Task requirements → Copy the records below in full and leave every image out of the copy.

Supplied records →
=====
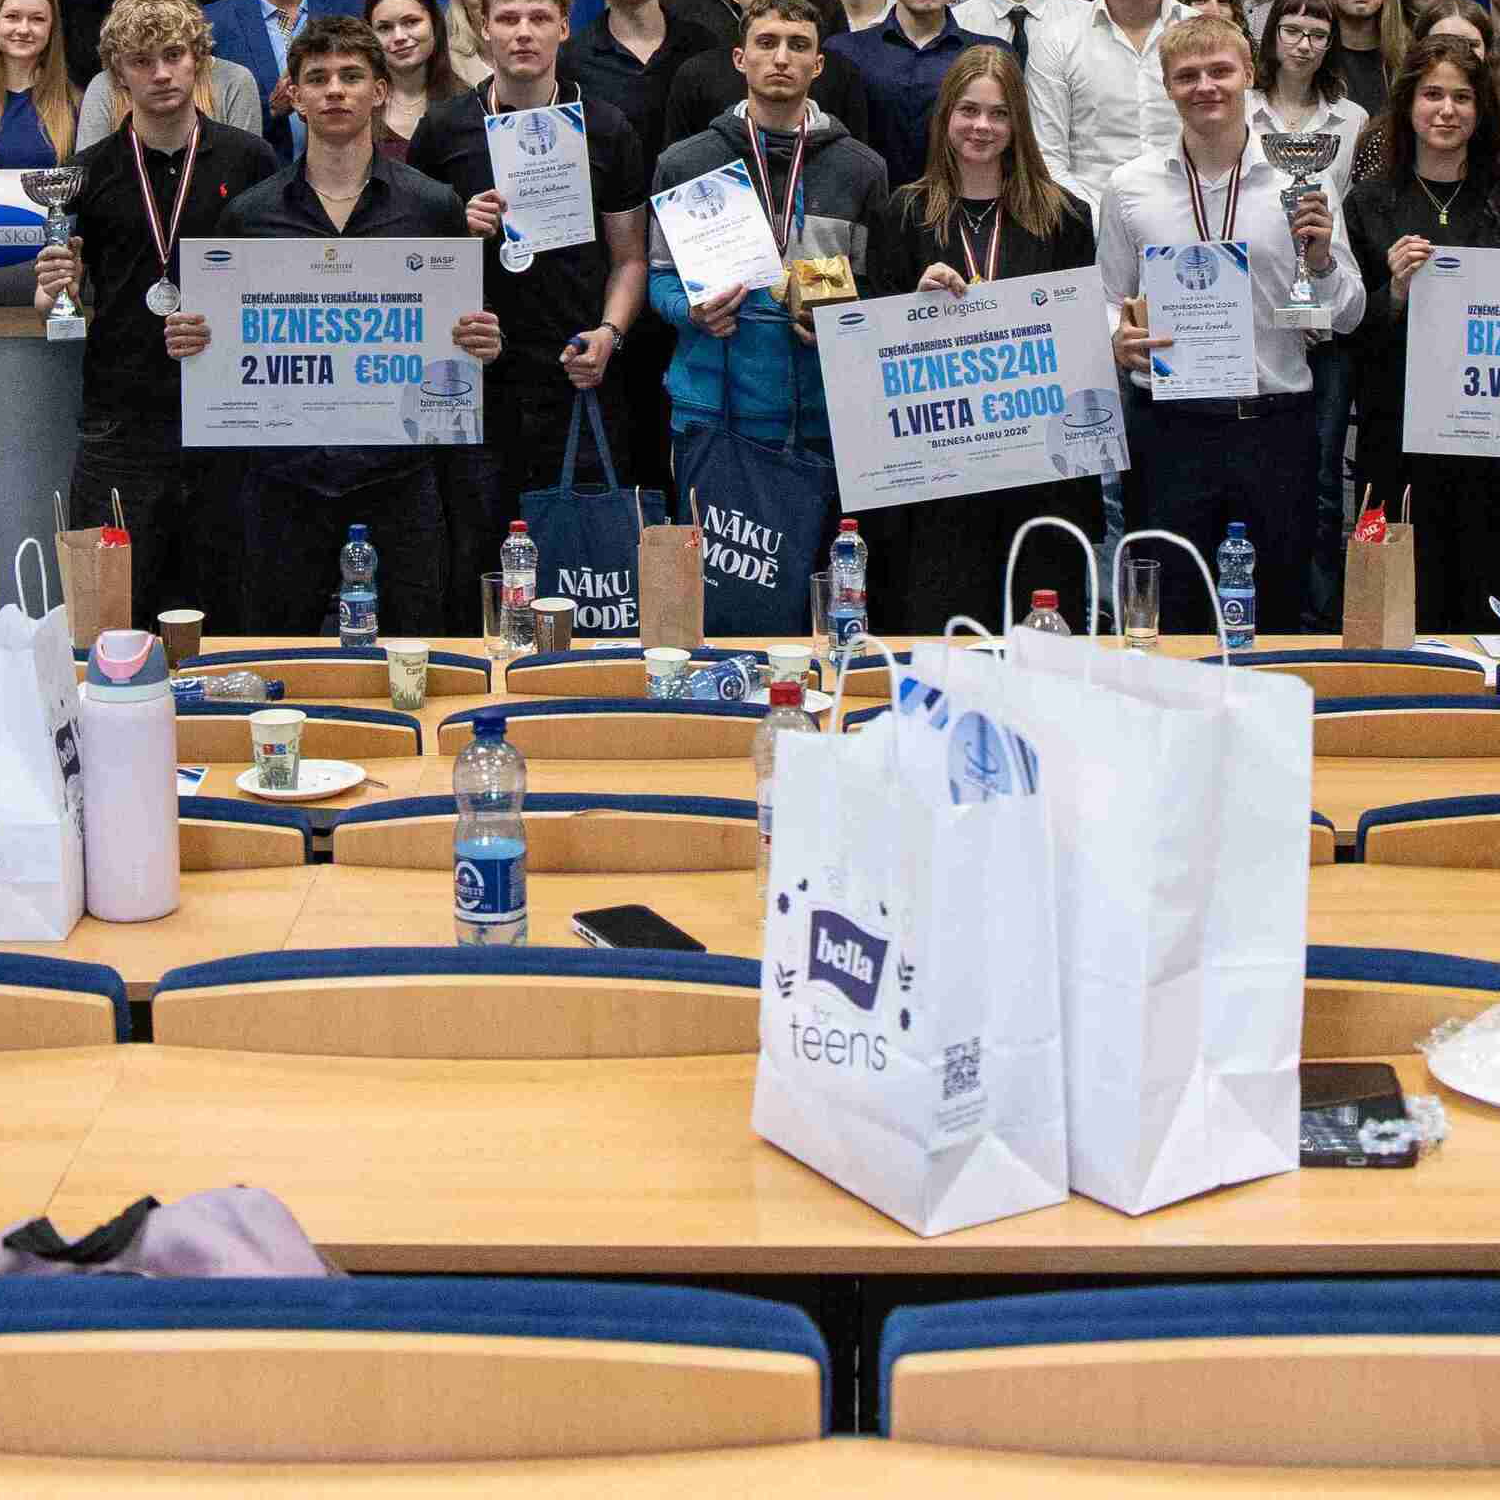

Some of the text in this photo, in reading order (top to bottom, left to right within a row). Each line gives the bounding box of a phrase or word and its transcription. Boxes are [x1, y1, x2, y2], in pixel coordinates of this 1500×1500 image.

[241, 308, 423, 343] BIZNESS24H
[907, 298, 998, 322] ace logistics
[241, 354, 424, 385] 2.VIETA €500
[881, 338, 1058, 398] BIZNESS24H
[888, 384, 1067, 438] 1.VIETA €3000
[703, 504, 783, 554] NĀKU
[557, 567, 631, 598] NĀKU
[702, 536, 780, 588] MODĒ
[816, 927, 875, 985] bella
[789, 1013, 888, 1071] teens
=====
Task solution →
Some of the text in this photo, in reading order (top to bottom, left to right within a row). Each line gives the bounding box of a phrase or word and its transcription. Boxes are [x1, y1, x2, y2], in pixel coordinates of this 1500×1500 image.

[241, 308, 423, 343] BIZNESS24H
[907, 298, 998, 322] ace logistics
[241, 354, 424, 385] 2.VIETA €500
[881, 338, 1058, 398] BIZNESS24H
[888, 384, 1067, 438] 1.VIETA €3000
[703, 504, 783, 554] NĀKU
[557, 567, 631, 598] NĀKU
[702, 536, 780, 588] MODĒ
[816, 927, 875, 985] bella
[789, 1013, 888, 1071] teens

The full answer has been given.